Stork HOLDCO B.V. (the “Issuer”), a wholly-owned indirect subsidiary of Stork B.V. (“Stork”) announced today that it intends to launch an offering of €315,000,000 aggregate principal amount of senior secured notes due 2019. The proceeds from the offering will be used principally to refinance existing indebtedness of Stork as part of a broader refinancing and corporate reorganization.

The notes will be offered in a private placement only to qualified institutional buyers pursuant to Rule 144A and non-U.S. persons pursuant to Regulation S under the U.S. Securities Act of 1933, as amended (the “Securities Act”), subject to prevailing market and other conditions. There is no assurance that the offering will be completed or, if completed, as to the terms on which it is completed. The notes to be offered have not been registered under the Securities Act or the securities laws of any other jurisdiction and may not be offered or sold in the United States absent registration or unless pursuant to an applicable exemption from the registration requirements of the Securities Act and any other applicable securities laws.
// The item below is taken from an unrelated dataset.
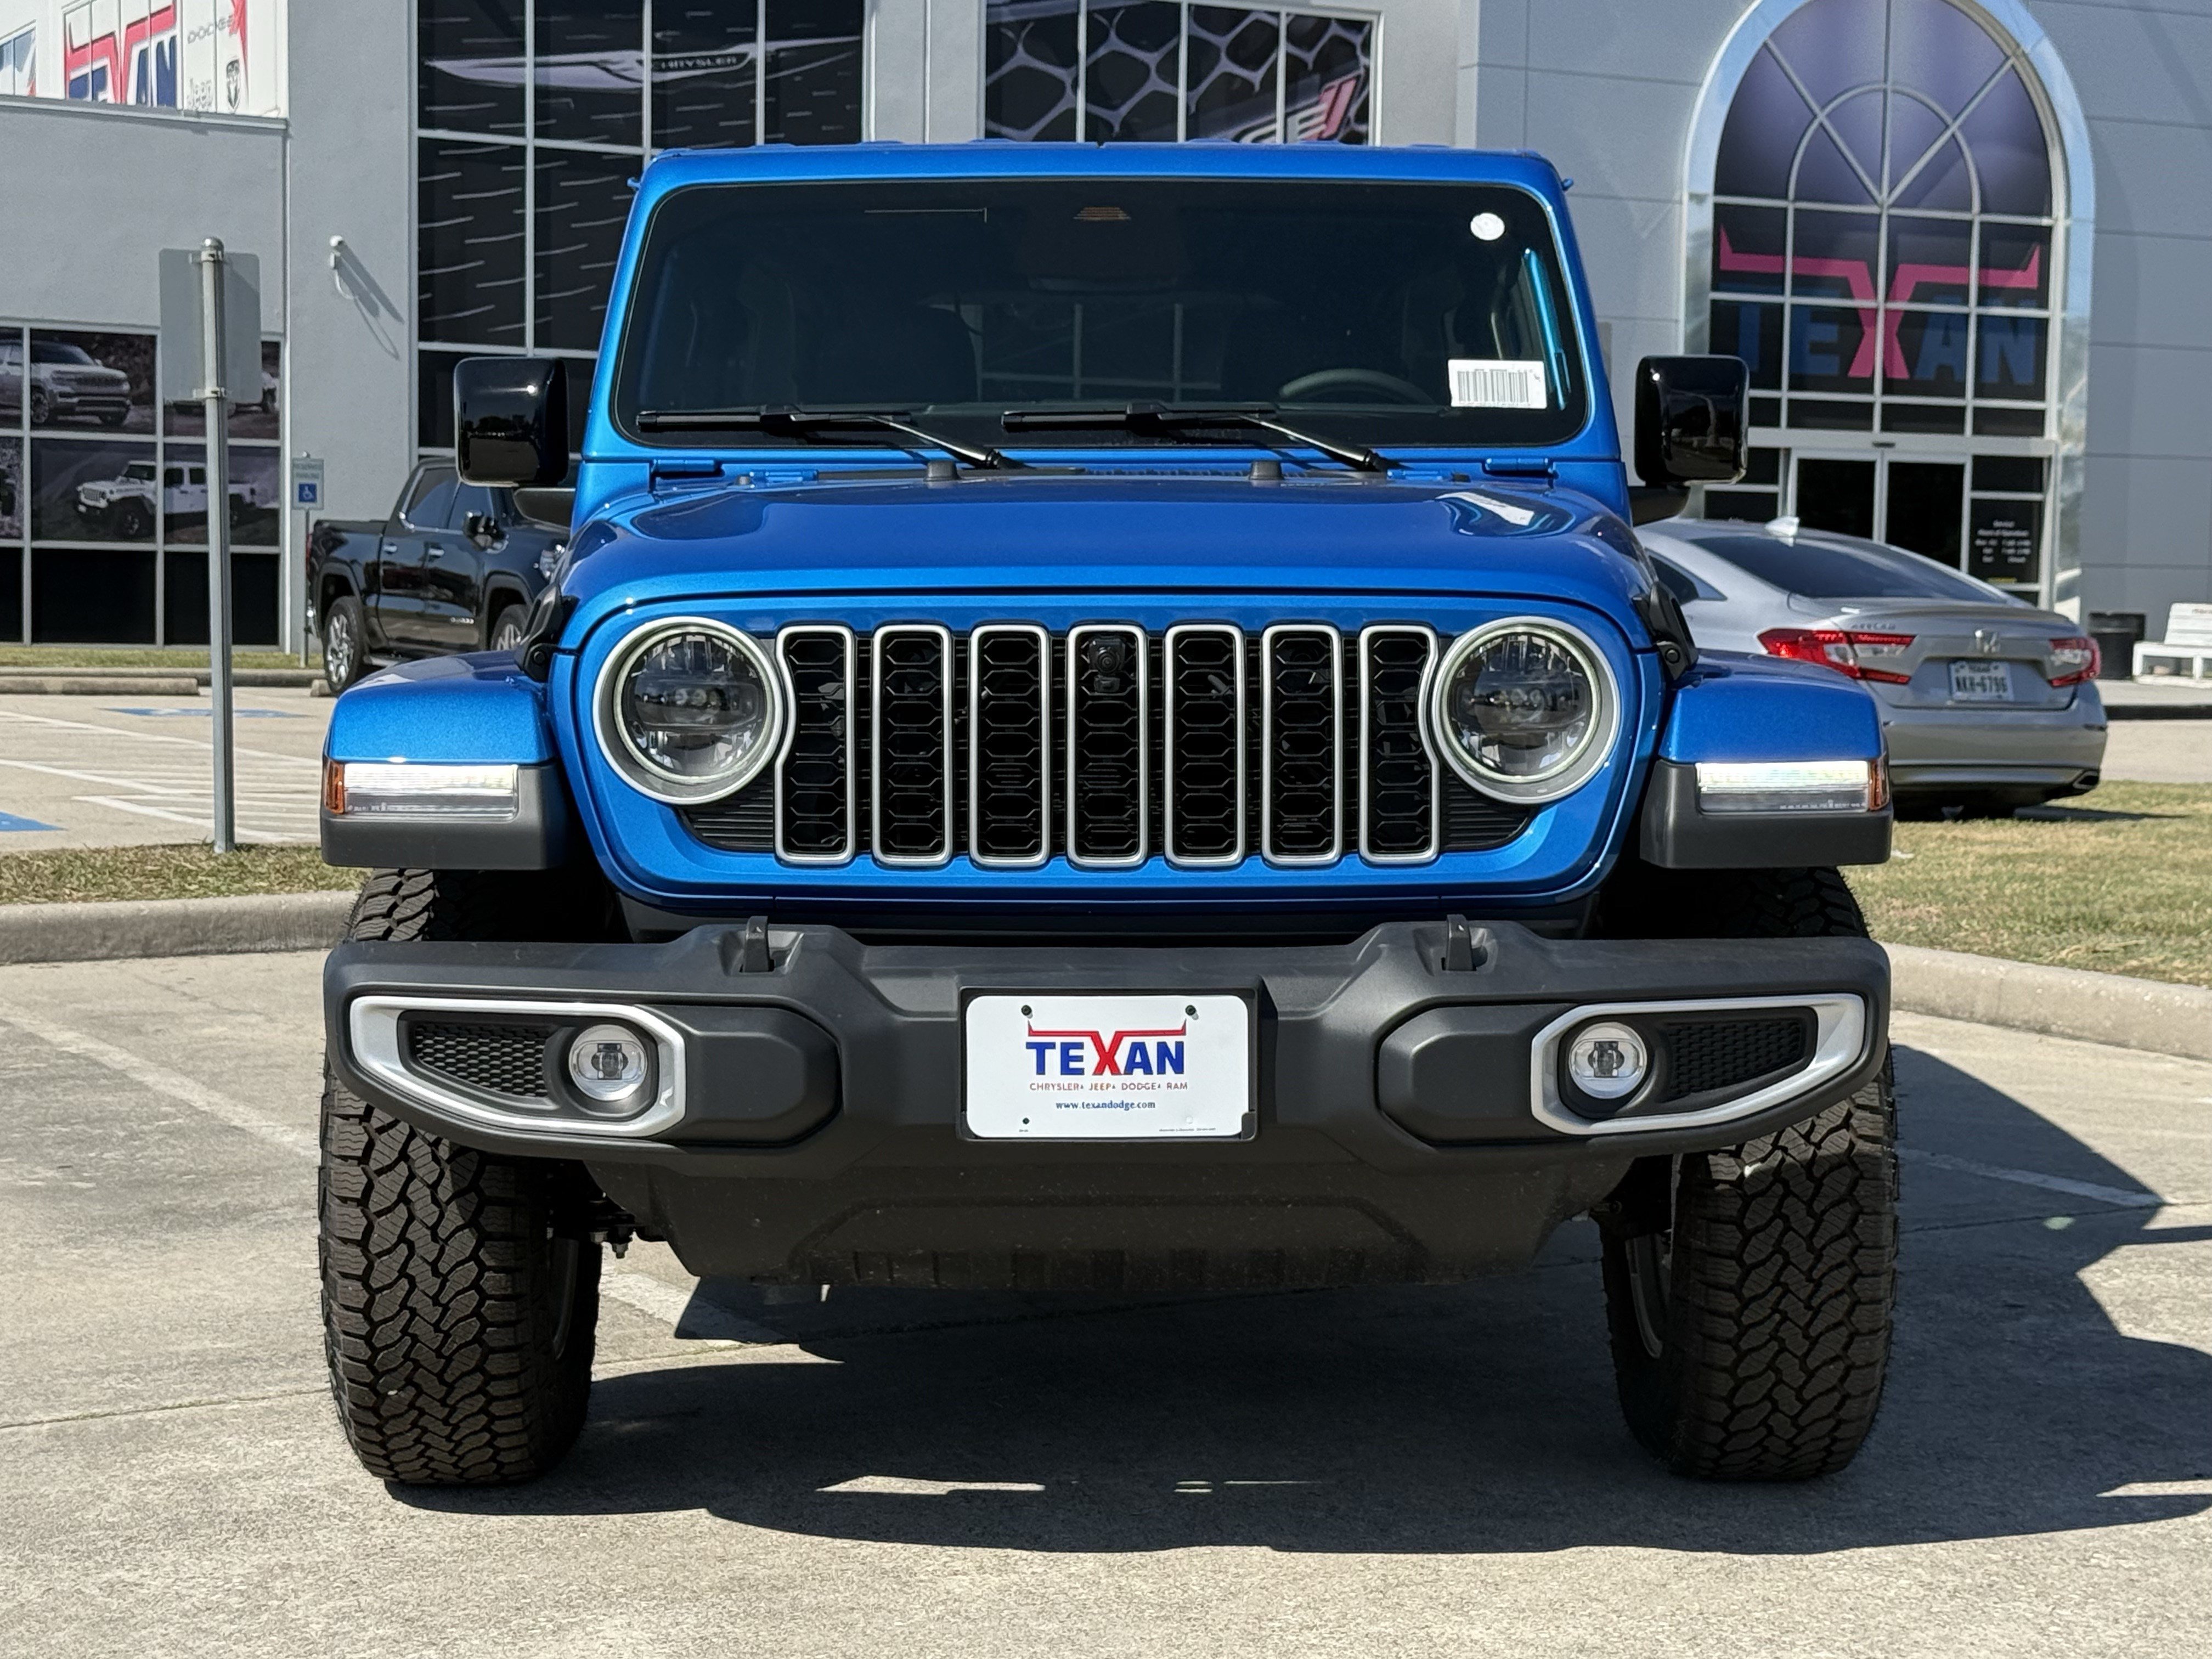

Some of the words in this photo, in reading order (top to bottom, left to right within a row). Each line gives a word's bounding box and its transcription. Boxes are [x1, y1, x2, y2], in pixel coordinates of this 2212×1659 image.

This press release does not constitute an offer to sell or the solicitation of an offer to buy the notes, nor shall it constitute an offer, solicitation or sale in any jurisdiction in which such offer, solicitation or sale would be unlawful.

This announcement does not constitute and shall not, in any circumstances, constitute a public offering nor an invitation to the public in connection with any offer within the meaning of the Directive 2010/73/EU of the Parliament and Council of November 4, 2003 as implemented by the Member States of the European Economic Area (the “Prospectus Directive”). The offer and sale of the notes will be made pursuant to an exemption under the Prospectus Directive, as implemented in Member States of the European Economic Area, from the requirement to produce a prospectus for offers of securities.

In connection with the issuance of the notes, one of the initial purchasers will serve as stabilizing manager and may over-allot the notes or effect transactions with a view to supporting the market price of the notes at a level higher than that which might otherwise prevail. However, there is no assurance that the stabilizing manager (or persons acting on behalf of the stabilizing manager) will undertake stabilization actions. Any stabilization action may begin on or after the date on which adequate public disclosure of the terms of the offer of the notes is made and, if begun, may be ended at any time, but it must end no later than the earlier of 30 days after the issue date of the notes and 60 days after the date of the allotment of the notes. Any stabilization action or over-allotment must be conducted in accordance with all applicable laws and rules.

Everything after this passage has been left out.